> **ACTIVITY**:
Send back the data below exactly. Drop every picture.

===== DATA TO USE

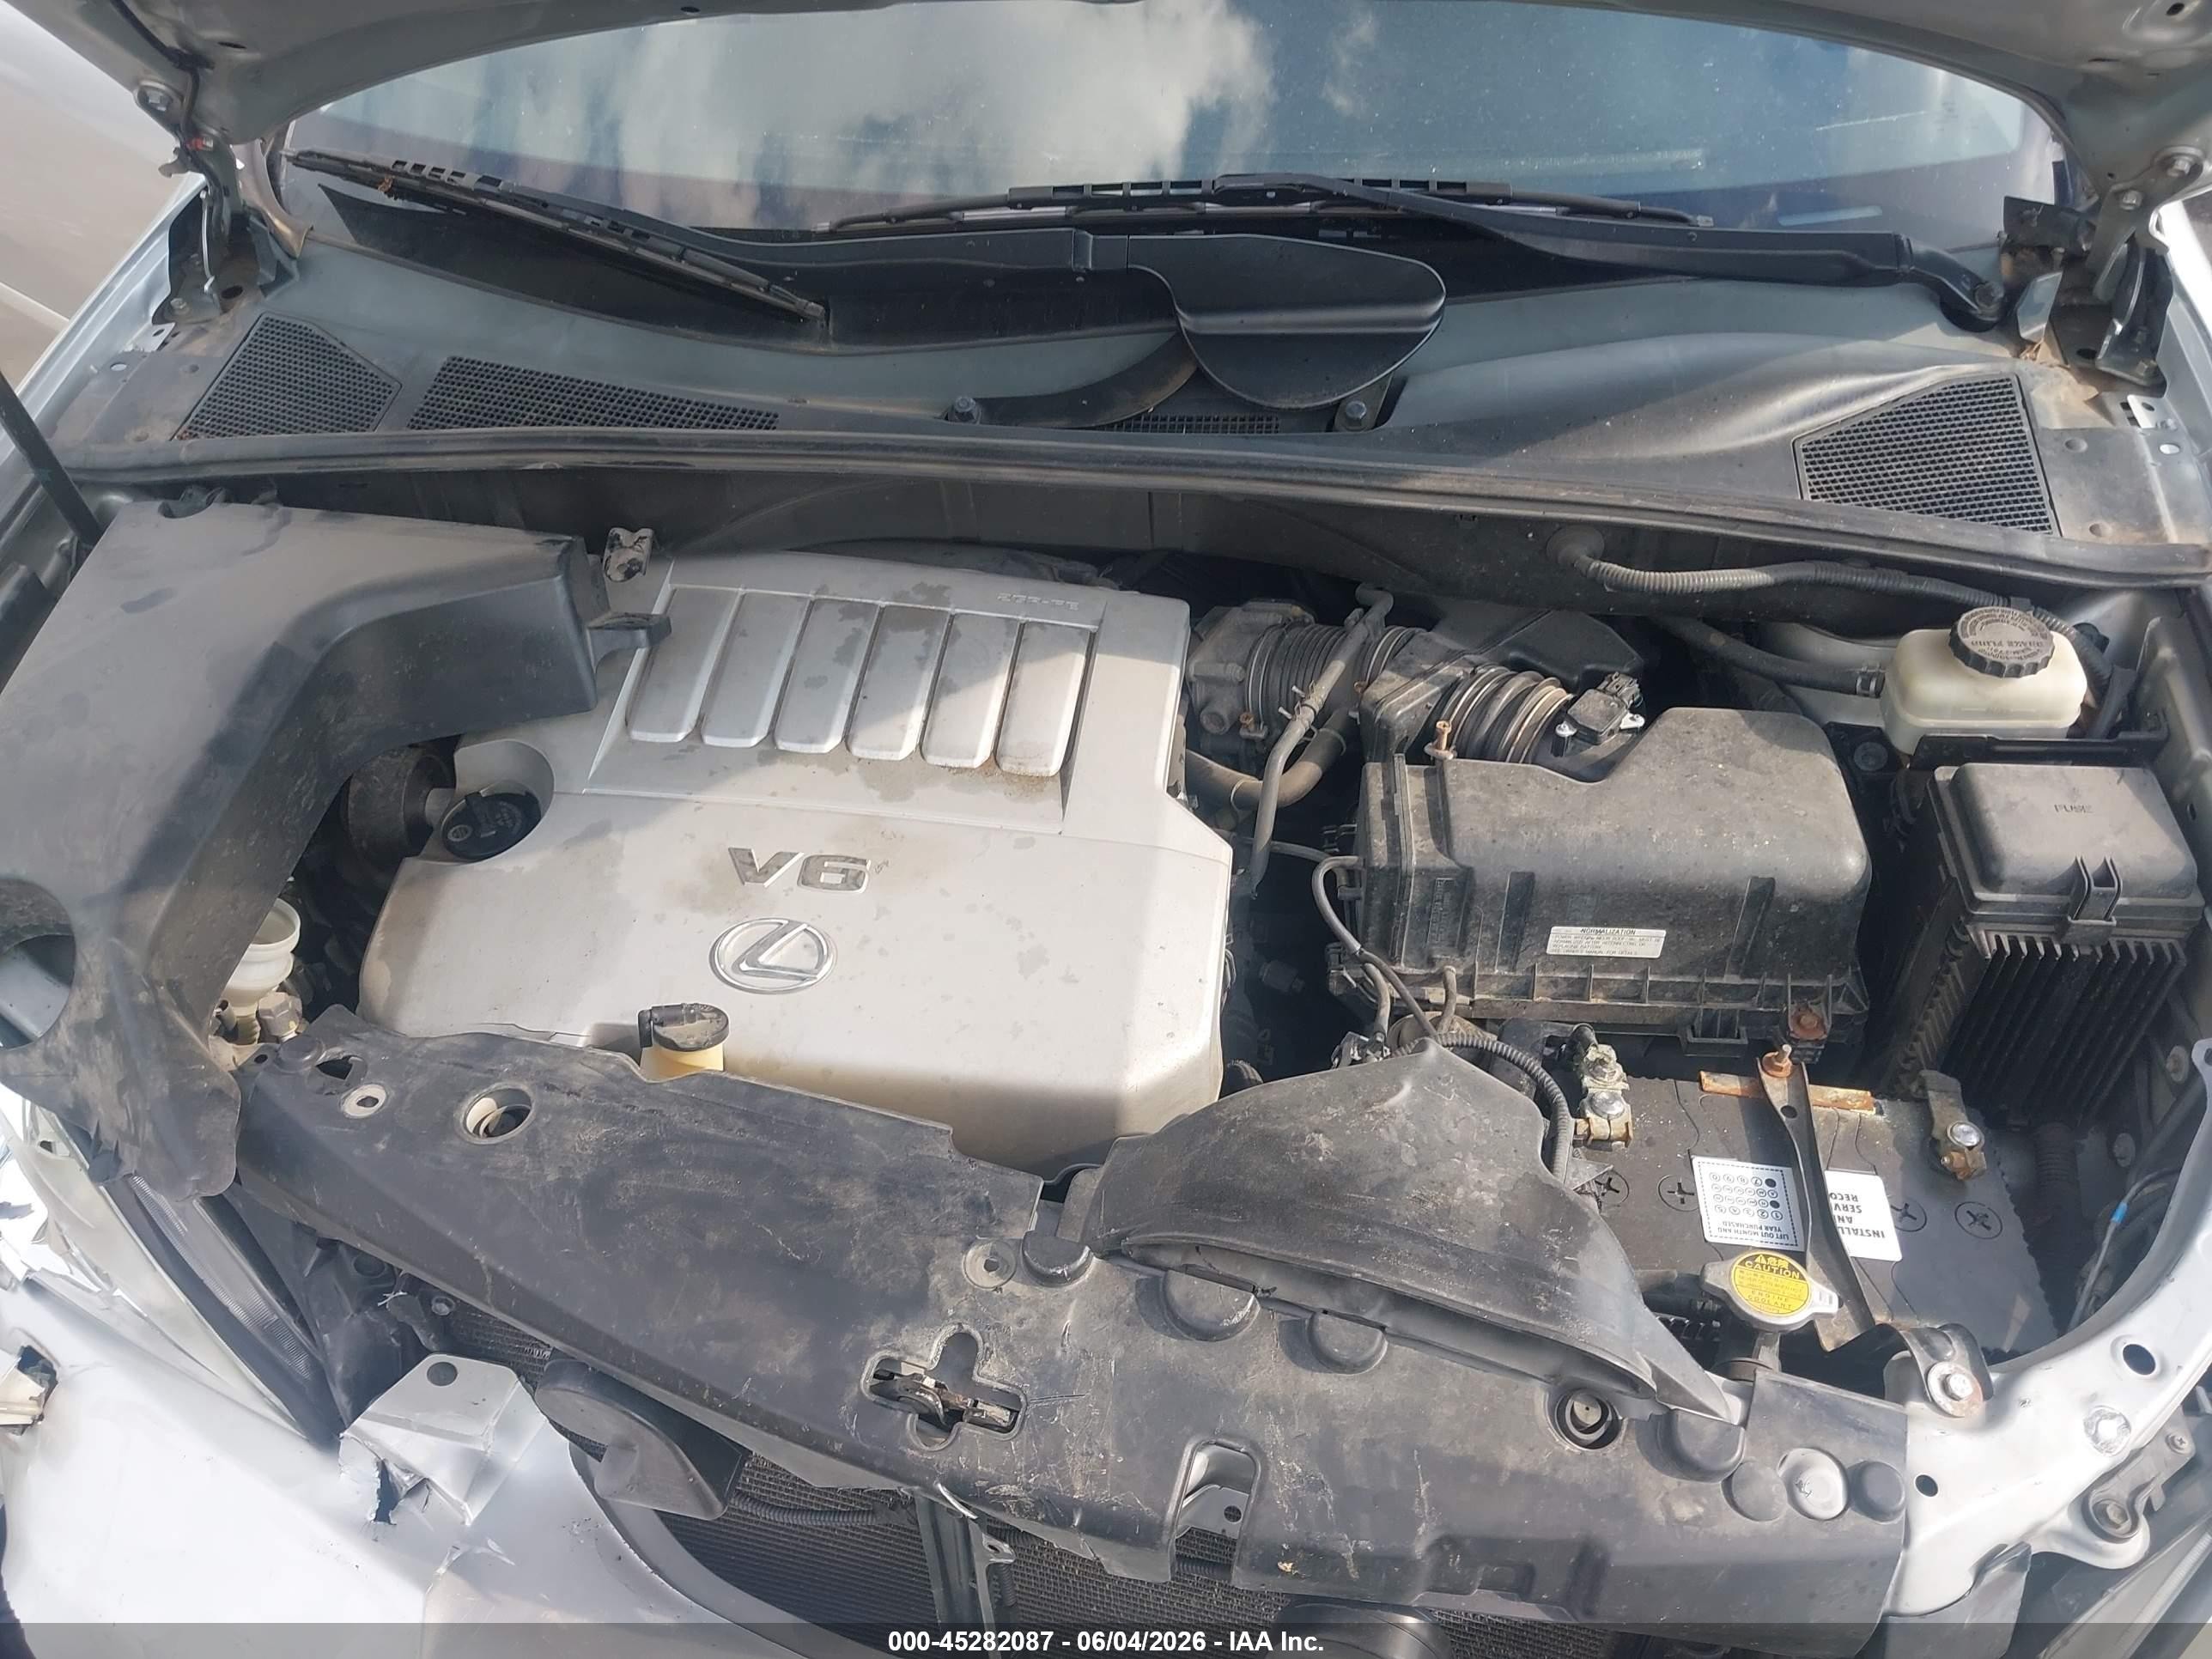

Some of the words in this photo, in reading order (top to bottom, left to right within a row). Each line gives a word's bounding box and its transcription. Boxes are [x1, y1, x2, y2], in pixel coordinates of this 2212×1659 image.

[728, 847, 872, 894] V6
[1828, 1192, 1859, 1202] RECO
[1834, 1202, 1863, 1214] SERV
[1723, 1221, 1763, 1231] PURCHASED
[1764, 1224, 1782, 1233] YEAR
[1837, 1226, 1885, 1238] INSTALL
[1775, 1232, 1790, 1241] LIFT
[1744, 1260, 1801, 1279] CAUTION
[1747, 1294, 1792, 1309] COOLANT

==========

> **TASK RESPONSE**:
Some of the words in this photo, in reading order (top to bottom, left to right within a row). Each line gives a word's bounding box and its transcription. Boxes are [x1, y1, x2, y2], in pixel coordinates of this 2212×1659 image.

[728, 847, 872, 894] V6
[1828, 1192, 1859, 1202] RECO
[1834, 1202, 1863, 1214] SERV
[1723, 1221, 1763, 1231] PURCHASED
[1764, 1224, 1782, 1233] YEAR
[1837, 1226, 1885, 1238] INSTALL
[1775, 1232, 1790, 1241] LIFT
[1744, 1260, 1801, 1279] CAUTION
[1747, 1294, 1792, 1309] COOLANT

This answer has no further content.